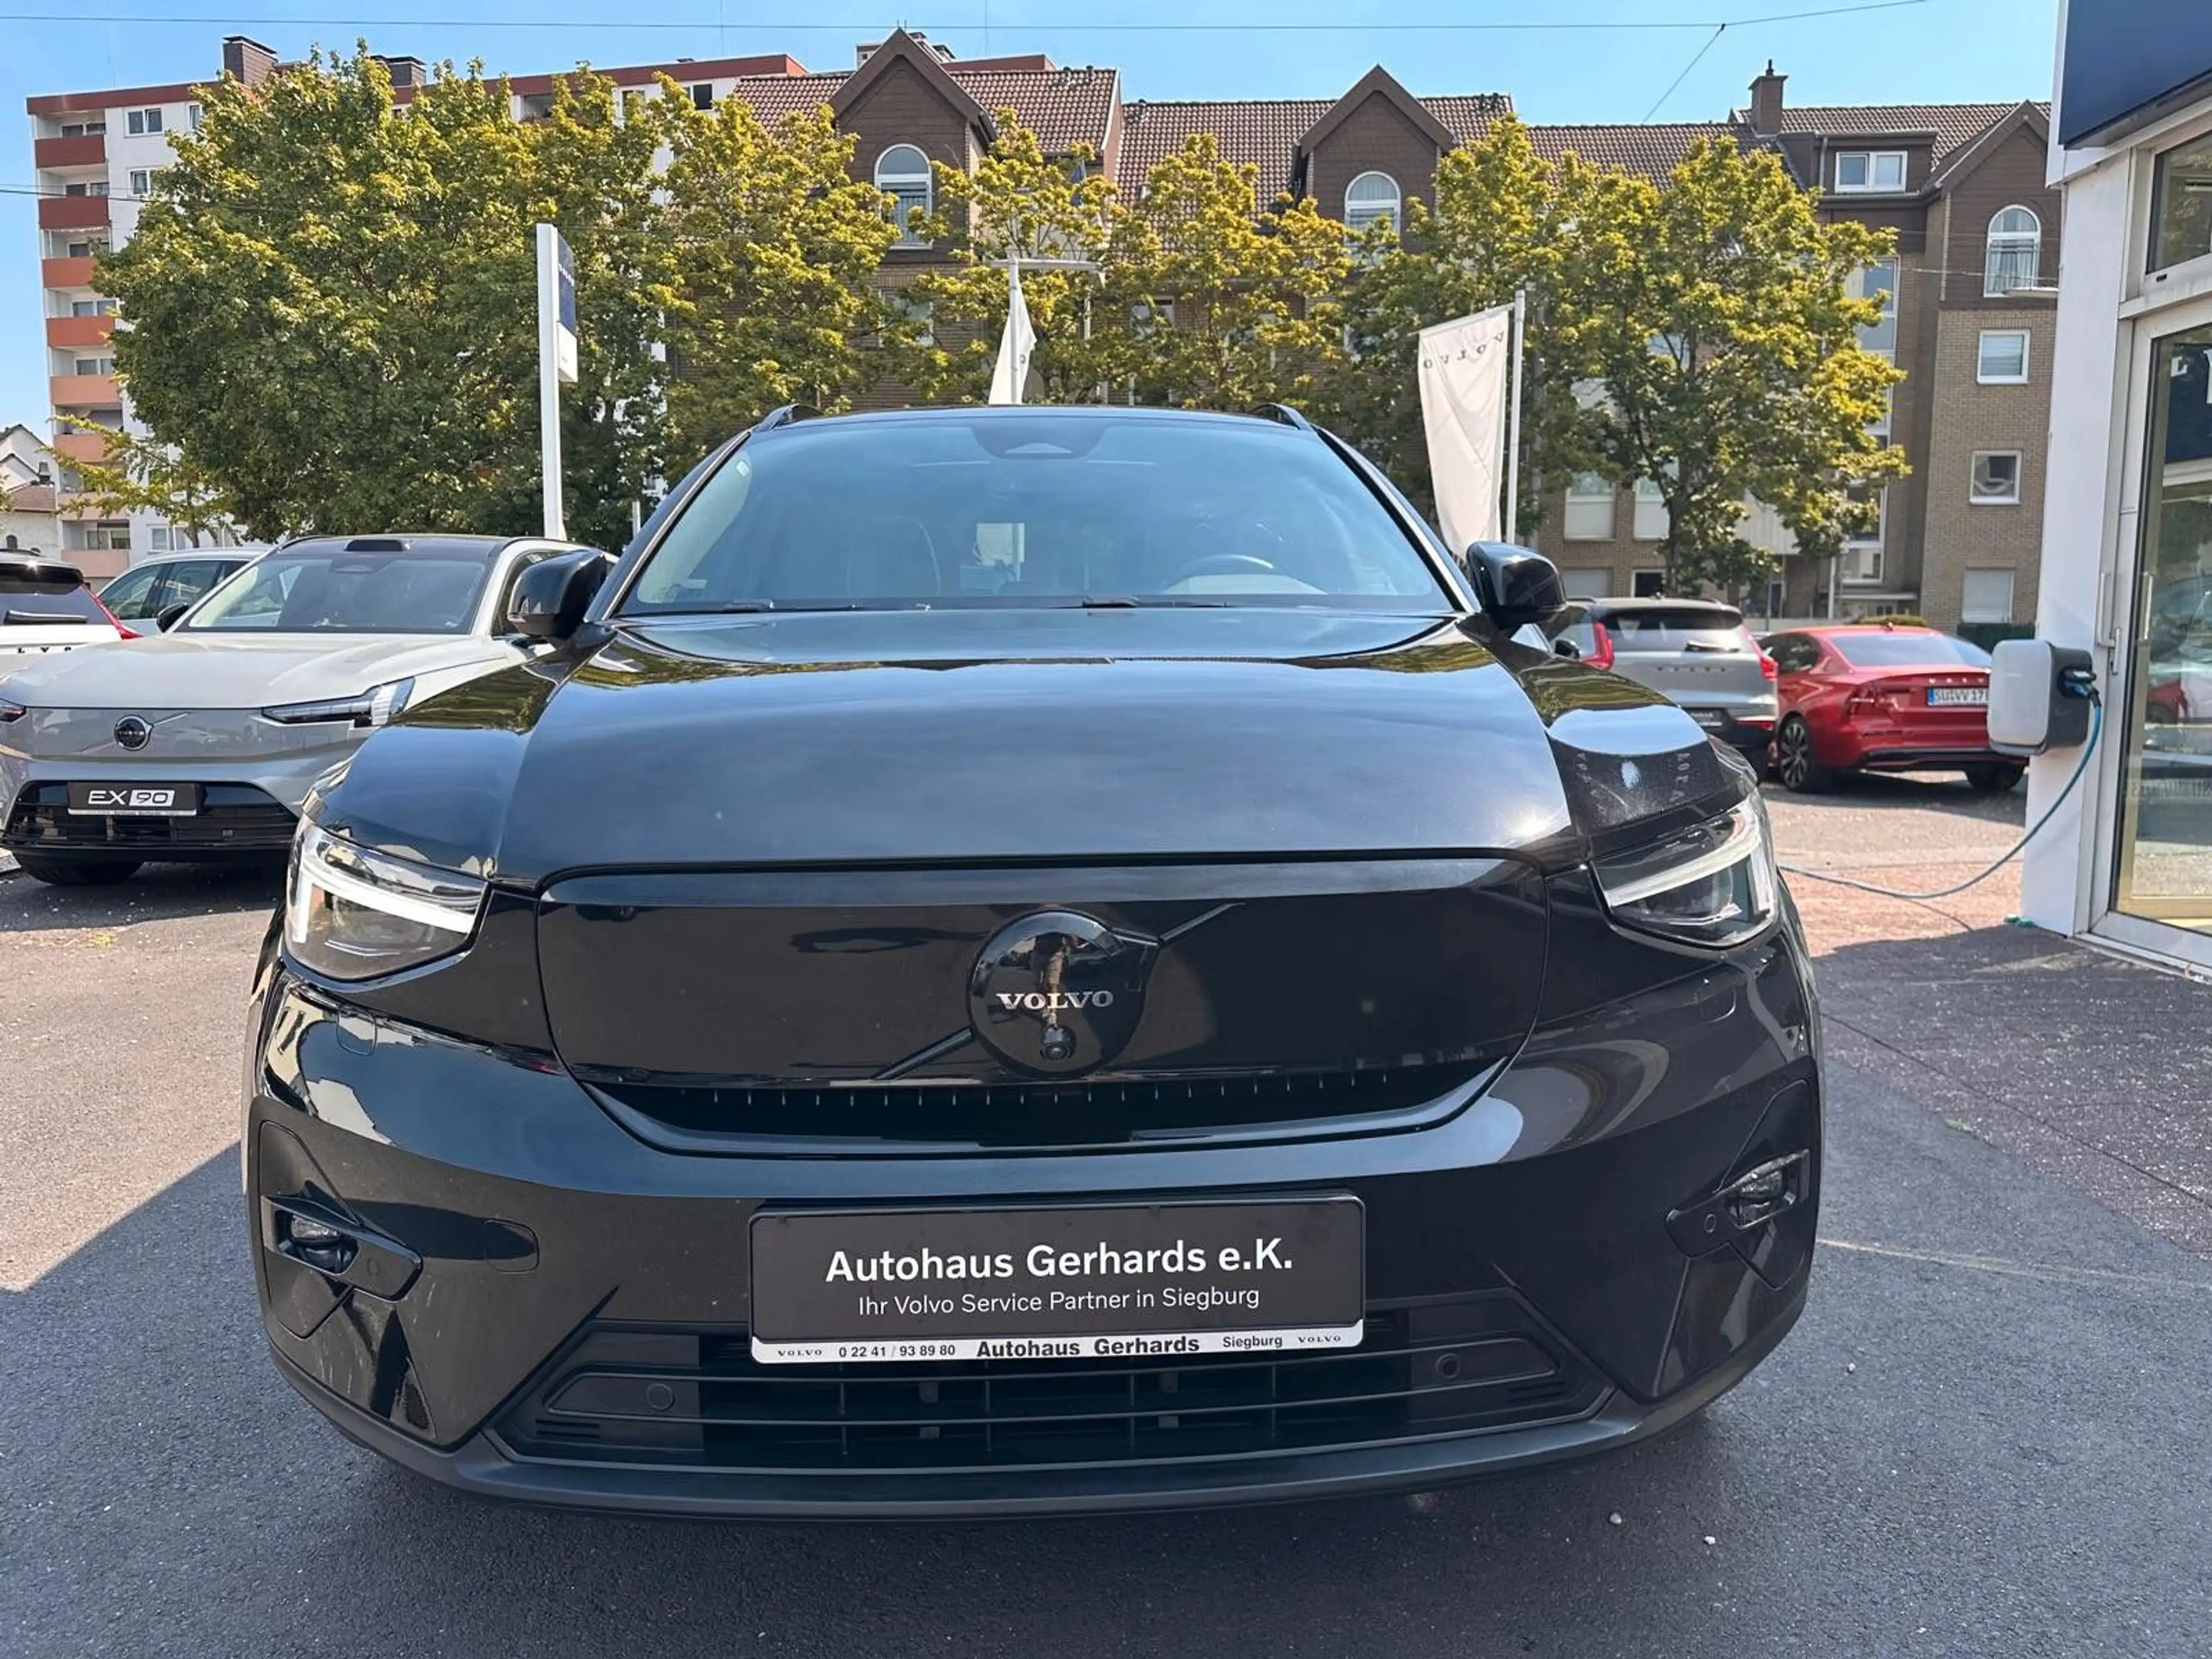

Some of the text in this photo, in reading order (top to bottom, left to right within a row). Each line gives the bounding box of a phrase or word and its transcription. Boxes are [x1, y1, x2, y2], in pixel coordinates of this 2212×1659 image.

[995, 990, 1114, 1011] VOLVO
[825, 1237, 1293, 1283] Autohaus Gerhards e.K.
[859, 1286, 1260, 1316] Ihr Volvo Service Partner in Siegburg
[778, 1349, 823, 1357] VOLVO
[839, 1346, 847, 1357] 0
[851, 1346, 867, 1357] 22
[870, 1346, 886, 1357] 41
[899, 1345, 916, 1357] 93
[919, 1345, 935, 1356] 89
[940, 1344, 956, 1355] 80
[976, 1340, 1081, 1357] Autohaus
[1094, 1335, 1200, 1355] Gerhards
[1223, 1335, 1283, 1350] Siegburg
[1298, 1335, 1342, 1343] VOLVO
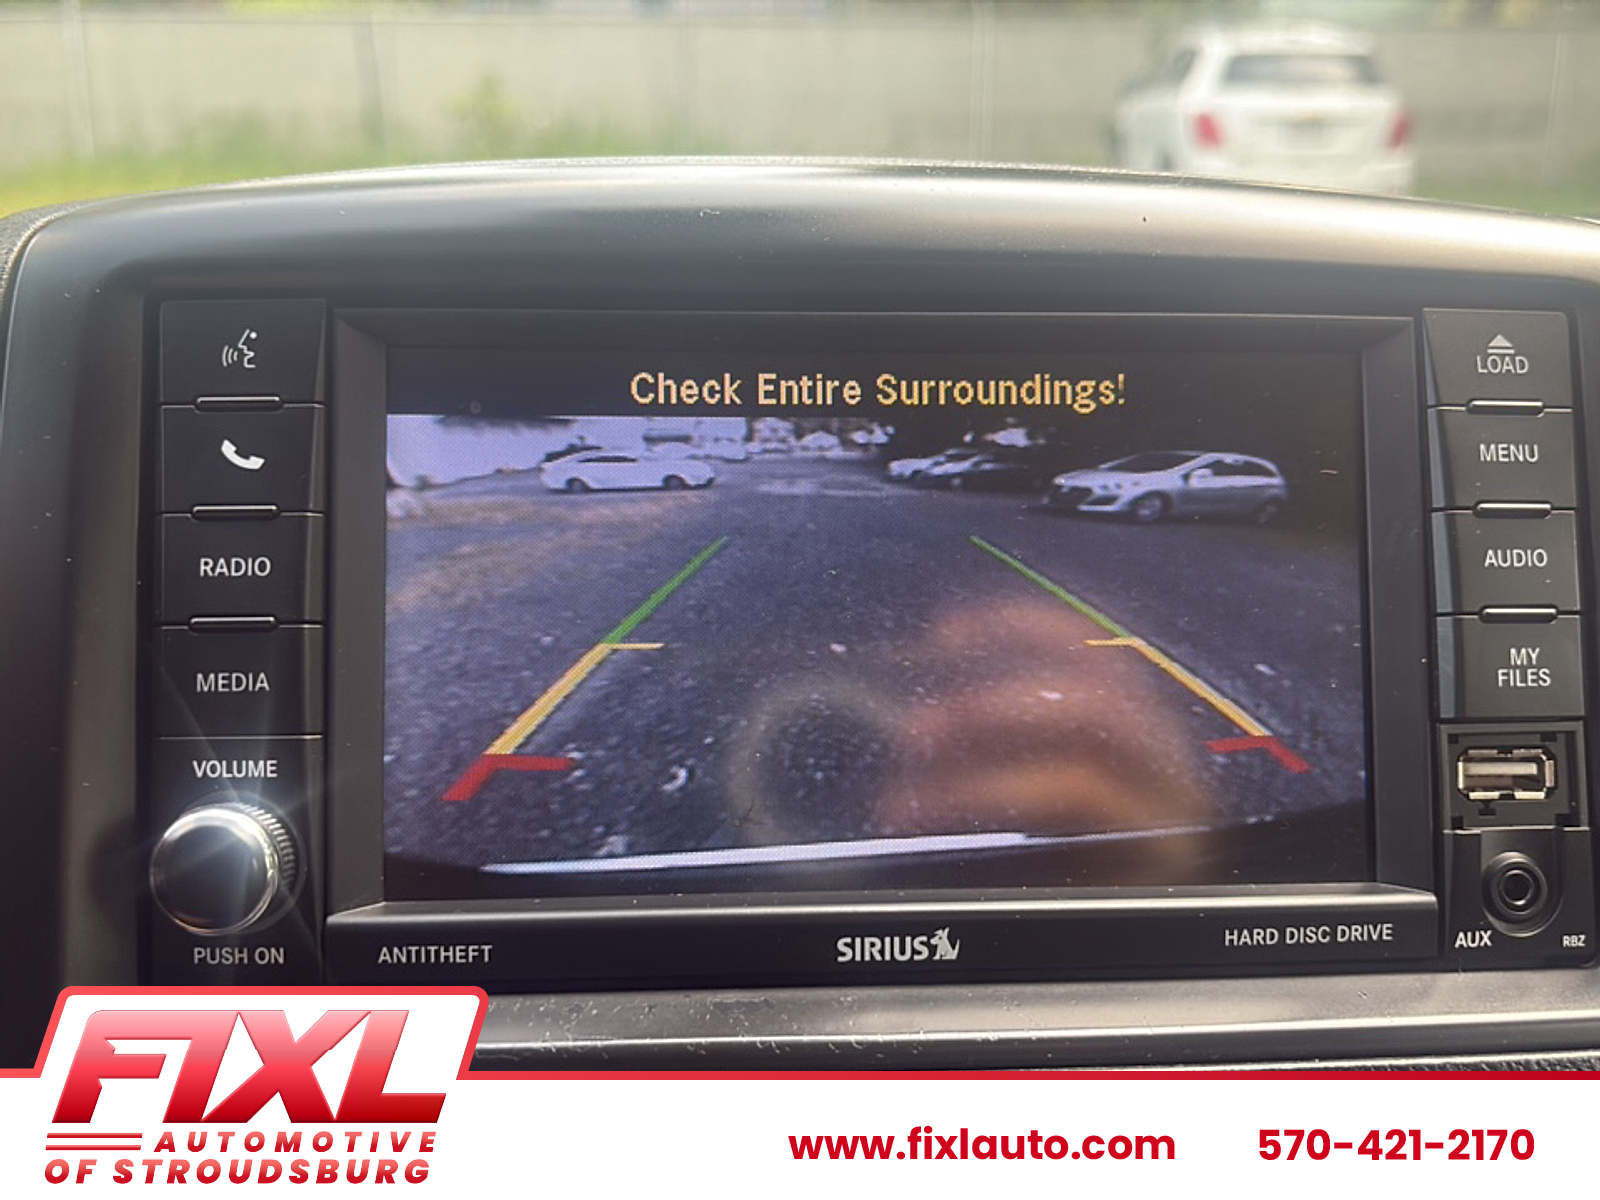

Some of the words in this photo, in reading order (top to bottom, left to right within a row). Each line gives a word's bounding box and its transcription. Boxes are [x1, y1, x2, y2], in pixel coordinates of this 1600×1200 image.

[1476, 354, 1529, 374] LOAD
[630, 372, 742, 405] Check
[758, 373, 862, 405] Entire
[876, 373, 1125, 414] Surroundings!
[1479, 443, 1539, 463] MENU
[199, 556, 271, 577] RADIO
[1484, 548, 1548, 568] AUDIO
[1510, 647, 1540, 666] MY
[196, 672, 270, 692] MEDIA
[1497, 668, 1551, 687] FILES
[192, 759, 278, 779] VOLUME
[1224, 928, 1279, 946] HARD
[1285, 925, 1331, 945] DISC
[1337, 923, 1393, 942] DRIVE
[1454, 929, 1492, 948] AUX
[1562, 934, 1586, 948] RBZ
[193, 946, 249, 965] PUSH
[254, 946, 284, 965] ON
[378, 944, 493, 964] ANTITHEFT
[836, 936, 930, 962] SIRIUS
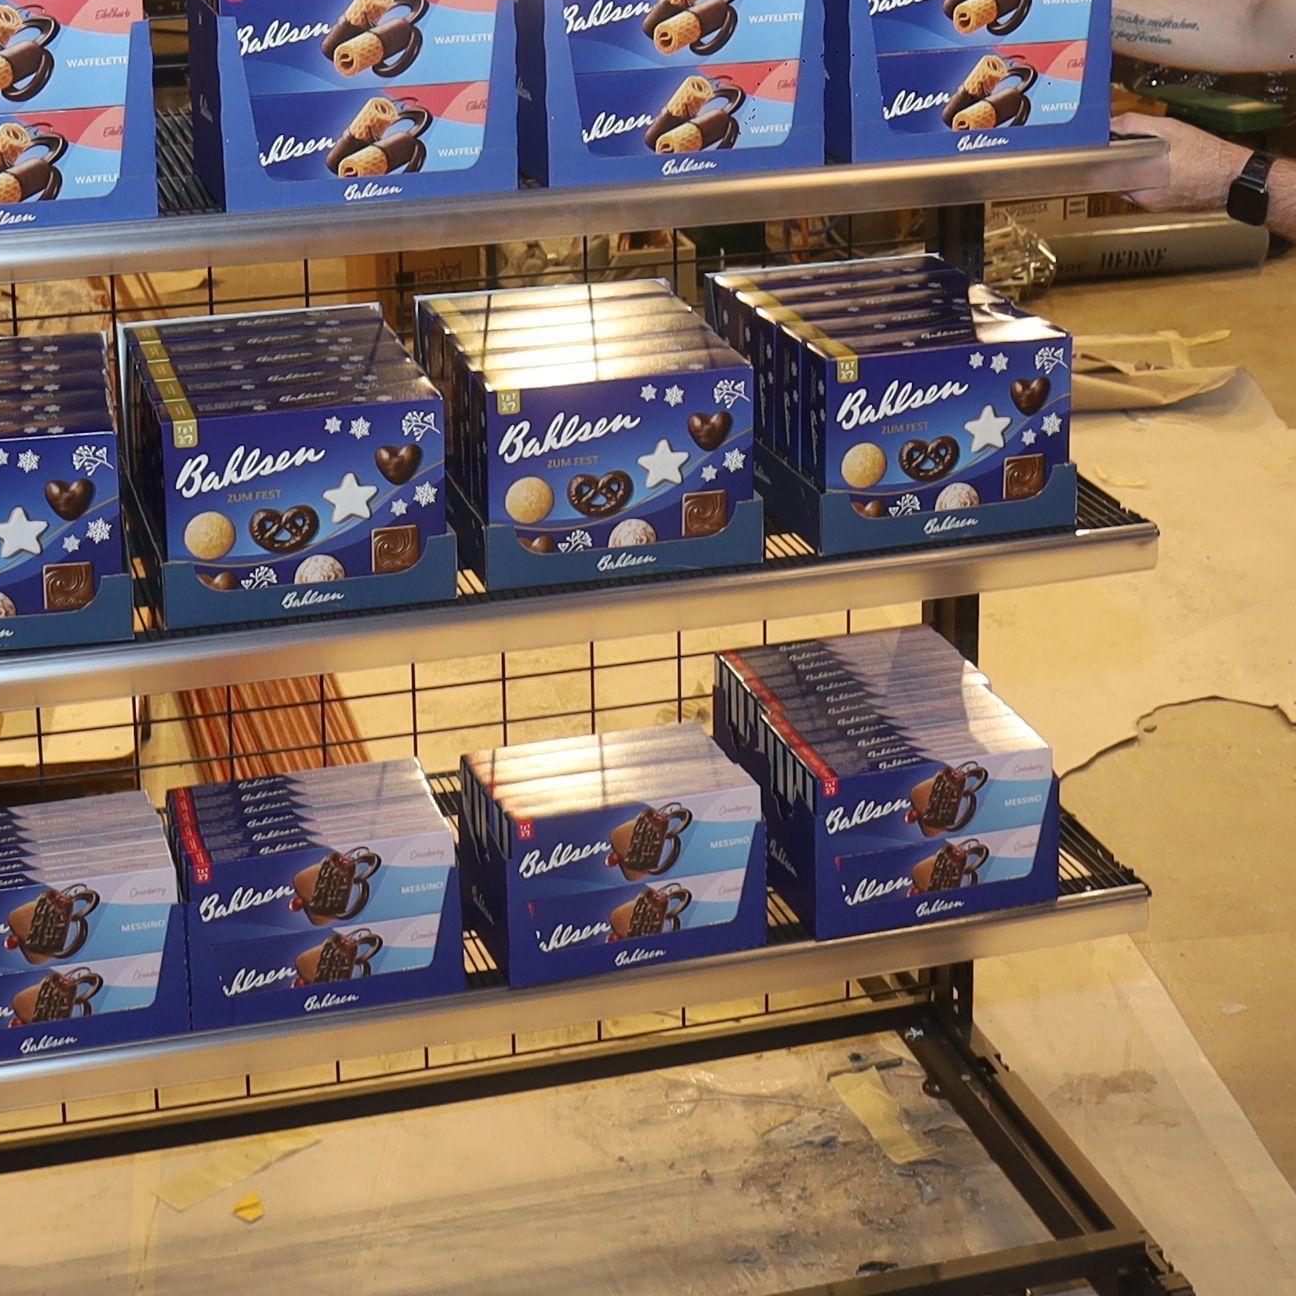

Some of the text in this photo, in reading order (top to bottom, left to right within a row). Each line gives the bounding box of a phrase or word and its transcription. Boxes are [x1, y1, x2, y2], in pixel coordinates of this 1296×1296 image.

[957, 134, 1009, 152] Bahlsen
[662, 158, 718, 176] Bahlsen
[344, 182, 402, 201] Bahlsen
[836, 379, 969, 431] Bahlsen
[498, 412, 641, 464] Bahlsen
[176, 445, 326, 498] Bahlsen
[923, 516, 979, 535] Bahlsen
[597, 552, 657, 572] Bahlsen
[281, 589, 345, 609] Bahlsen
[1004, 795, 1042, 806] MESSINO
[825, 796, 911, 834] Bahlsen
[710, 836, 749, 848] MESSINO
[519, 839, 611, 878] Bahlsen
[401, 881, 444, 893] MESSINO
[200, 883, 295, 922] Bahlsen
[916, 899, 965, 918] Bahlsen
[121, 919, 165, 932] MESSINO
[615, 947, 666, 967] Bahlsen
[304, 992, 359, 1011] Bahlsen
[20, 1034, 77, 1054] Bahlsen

EXERCISE AIM –
The result should be a precise copy of all the entries, free of pictures.

EXERCISE RESPONSE –
Some of the text in this photo, in reading order (top to bottom, left to right within a row). Each line gives the bounding box of a phrase or word and its transcription. Boxes are [x1, y1, x2, y2], in pixel coordinates of this 2212×1659 image.

[995, 990, 1114, 1011] VOLVO
[825, 1237, 1293, 1283] Autohaus Gerhards e.K.
[859, 1286, 1260, 1316] Ihr Volvo Service Partner in Siegburg
[778, 1349, 823, 1357] VOLVO
[839, 1346, 847, 1357] 0
[851, 1346, 867, 1357] 22
[870, 1346, 886, 1357] 41
[899, 1345, 916, 1357] 93
[919, 1345, 935, 1356] 89
[940, 1344, 956, 1355] 80
[976, 1340, 1081, 1357] Autohaus
[1094, 1335, 1200, 1355] Gerhards
[1223, 1335, 1283, 1350] Siegburg
[1298, 1335, 1342, 1343] VOLVO

Some of the words in this photo, in reading order (top to bottom, left to right within a row). Each line gives a word's bounding box and its transcription. Boxes are [x1, y1, x2, y2], in pixel coordinates of this 1600×1200 image.

[1476, 354, 1529, 374] LOAD
[630, 372, 742, 405] Check
[758, 373, 862, 405] Entire
[876, 373, 1125, 414] Surroundings!
[1479, 443, 1539, 463] MENU
[199, 556, 271, 577] RADIO
[1484, 548, 1548, 568] AUDIO
[1510, 647, 1540, 666] MY
[196, 672, 270, 692] MEDIA
[1497, 668, 1551, 687] FILES
[192, 759, 278, 779] VOLUME
[1224, 928, 1279, 946] HARD
[1285, 925, 1331, 945] DISC
[1337, 923, 1393, 942] DRIVE
[1454, 929, 1492, 948] AUX
[1562, 934, 1586, 948] RBZ
[193, 946, 249, 965] PUSH
[254, 946, 284, 965] ON
[378, 944, 493, 964] ANTITHEFT
[836, 936, 930, 962] SIRIUS

Some of the text in this photo, in reading order (top to bottom, left to right within a row). Each line gives the bounding box of a phrase or word and its transcription. Boxes are [x1, y1, x2, y2], in pixel coordinates of this 1296×1296 image.

[957, 134, 1009, 152] Bahlsen
[662, 158, 718, 176] Bahlsen
[344, 182, 402, 201] Bahlsen
[836, 379, 969, 431] Bahlsen
[498, 412, 641, 464] Bahlsen
[176, 445, 326, 498] Bahlsen
[923, 516, 979, 535] Bahlsen
[597, 552, 657, 572] Bahlsen
[281, 589, 345, 609] Bahlsen
[1004, 795, 1042, 806] MESSINO
[825, 796, 911, 834] Bahlsen
[710, 836, 749, 848] MESSINO
[519, 839, 611, 878] Bahlsen
[401, 881, 444, 893] MESSINO
[200, 883, 295, 922] Bahlsen
[916, 899, 965, 918] Bahlsen
[121, 919, 165, 932] MESSINO
[615, 947, 666, 967] Bahlsen
[304, 992, 359, 1011] Bahlsen
[20, 1034, 77, 1054] Bahlsen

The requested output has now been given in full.